En otra ocasión repetía con la misma convicción la necesidad de entender los principios y valores cooperativos ante un grupo de profesionales en el último piso de un edificio en el norte de Bogotá. La verdad es que la agenda siempre estaba llena, con una maleta ligera y unos juegos que se inventó quería contarle a todo el mundo como era ese cuento del cooperativismo y la solidaridad. 

 

Desde hace 15 años cuando su secretaria llamó a ver si le vendía doce suscripciones por el precio de diez, como buen paisa, Alveiro nunca falló en su artículo mensual. Primero era una llamada para desbloquear el silencio de varios días, identificar la astucia de quien escucha pacientemente, y en los últimos dos minutos, yo como siempre demorado con la edición, le decía – profe, ya estamos cerrando. Entonces respondía – deme unos días y ahí, a los dos días, sin falta llegaba un texto con una idea para pocos rebatible. Desde esa tarde, de hace quince años, el profe salvó en varias ocasiones esta misma publicación con sus consejos y acompañamiento. 

-Ya le conté lo de las cartas, le llegó el juego del tablero; ya vio cómo se construye pensamiento con los legos, sí las figuritas de plástico. – Además de historias reflejadas en sus textos, vivía el cooperativismo en la cotidianidad, en muros creados por los libros y un campero que brincaba por entre los baches cuando daba recorridos gratis a sus visitantes. – Quiero convertir la finca en un salón, un laboratorio para explicar estas cosas, dijo alguna vez.  

 

También escribió: “Los valores sociales, inmersos en una profunda filosofía ética, son la esencia que le da identidad exclusiva a la acción solidaria y definen en última instancia lo que es correcto o incorrecto en el acuerdo cooperativo. Los principios se basan en esos mismos valores y orientan la acción diaria y permanente de quienes se han unido para ayudarse entre sí. Ahondar en esto es fundamental para asegurar la acción colectiva, solidaria y sostenible en los procesos de cooperación asociativa”.

 

La verdad, habría podido tomar cualquier párrafo, muchos de sus colegas y alumnos lo siguen citando.
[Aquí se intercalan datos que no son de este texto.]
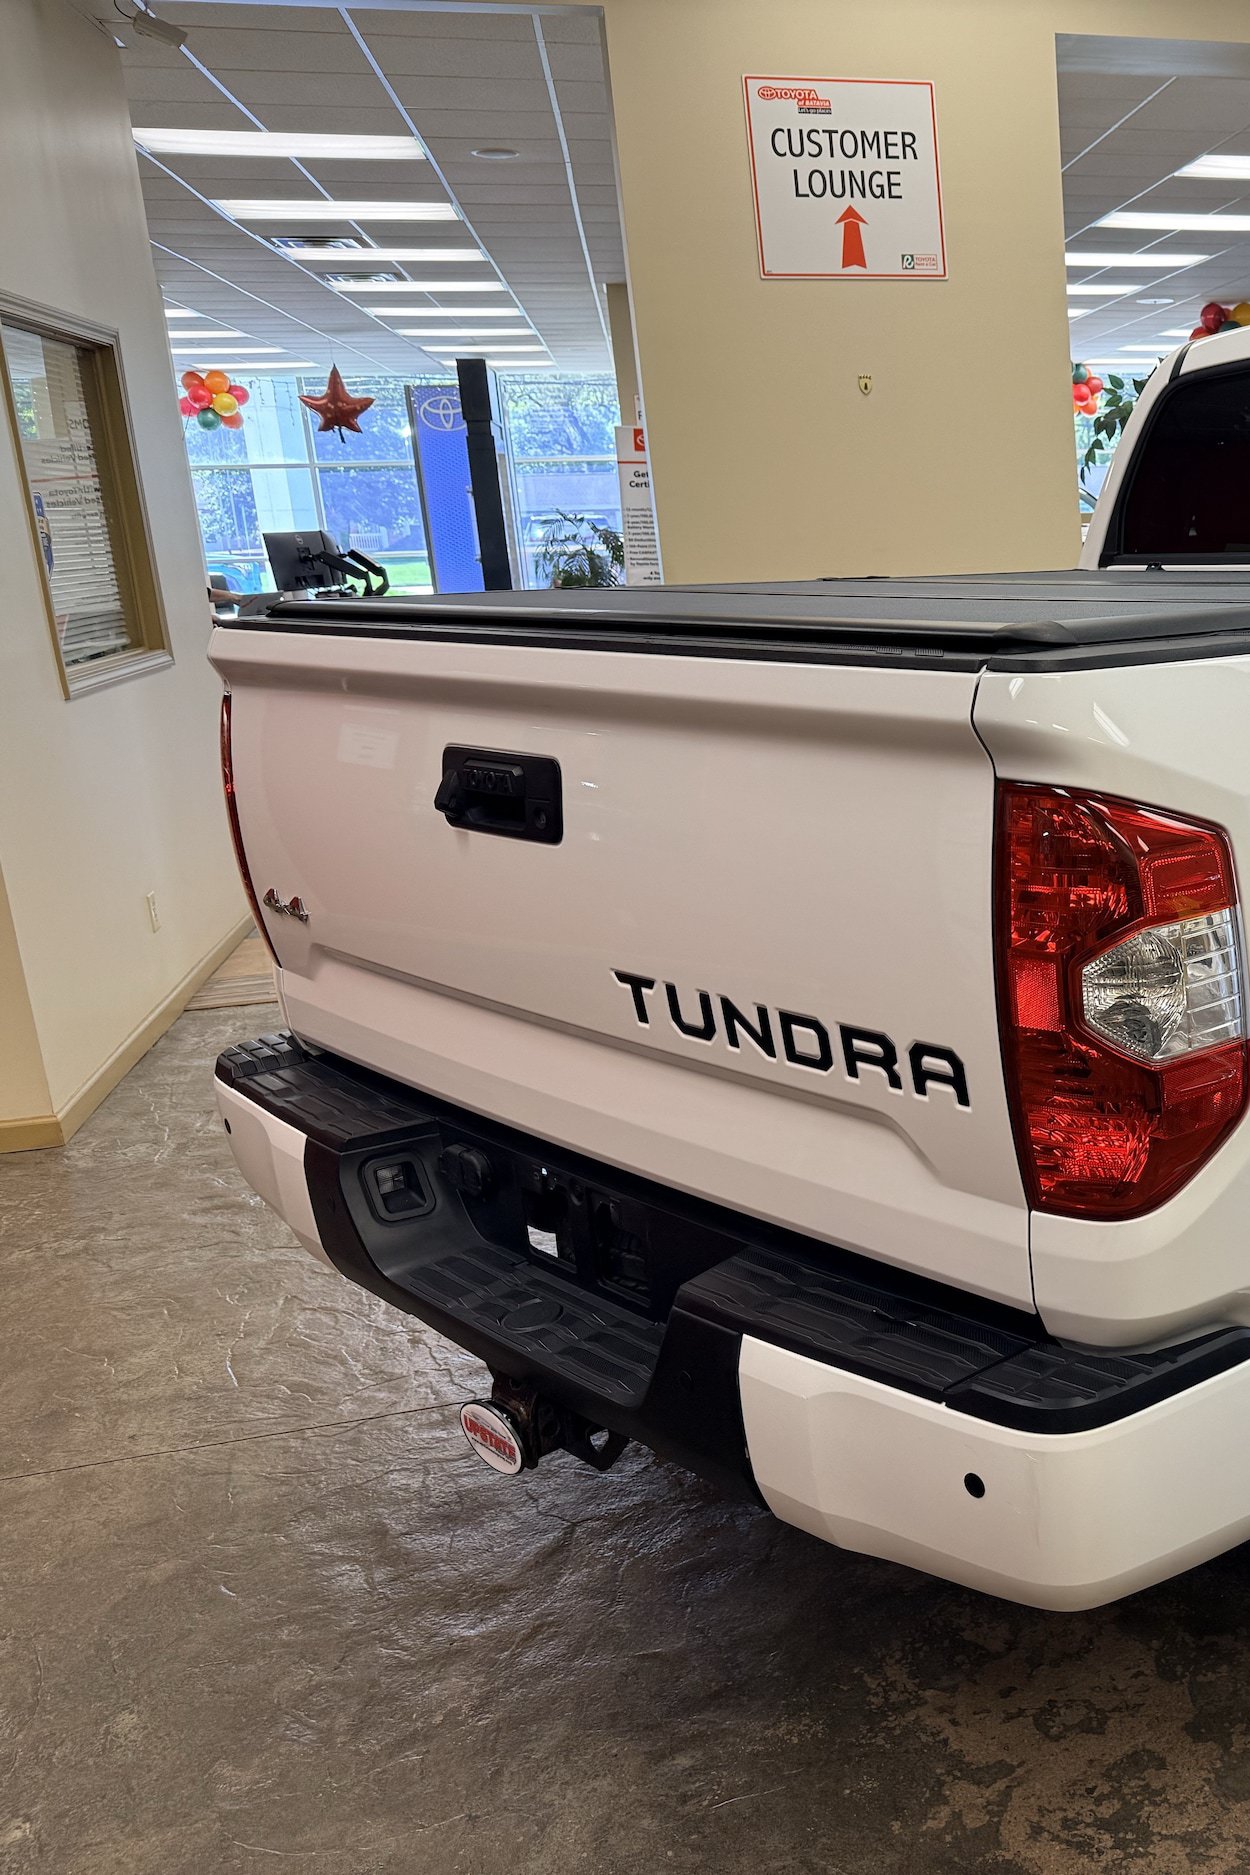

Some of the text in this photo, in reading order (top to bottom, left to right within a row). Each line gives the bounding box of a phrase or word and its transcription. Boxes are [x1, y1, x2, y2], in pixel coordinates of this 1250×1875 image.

Sus libros, algunos en solitario, otros acompañado de los mejores de la academia, podrán ser retomados como base para la implementación de proyectos reales en un modelo que reclama un cambio en la visión económica del mundo. 

 

El cooperativismo no nació, ni desaparecerá con el profe, pero muchos Alveiros serán necesarios para realizar esa utopía. 

 

A Ana Lucia y Daniel un abrazo y mil bendiciones.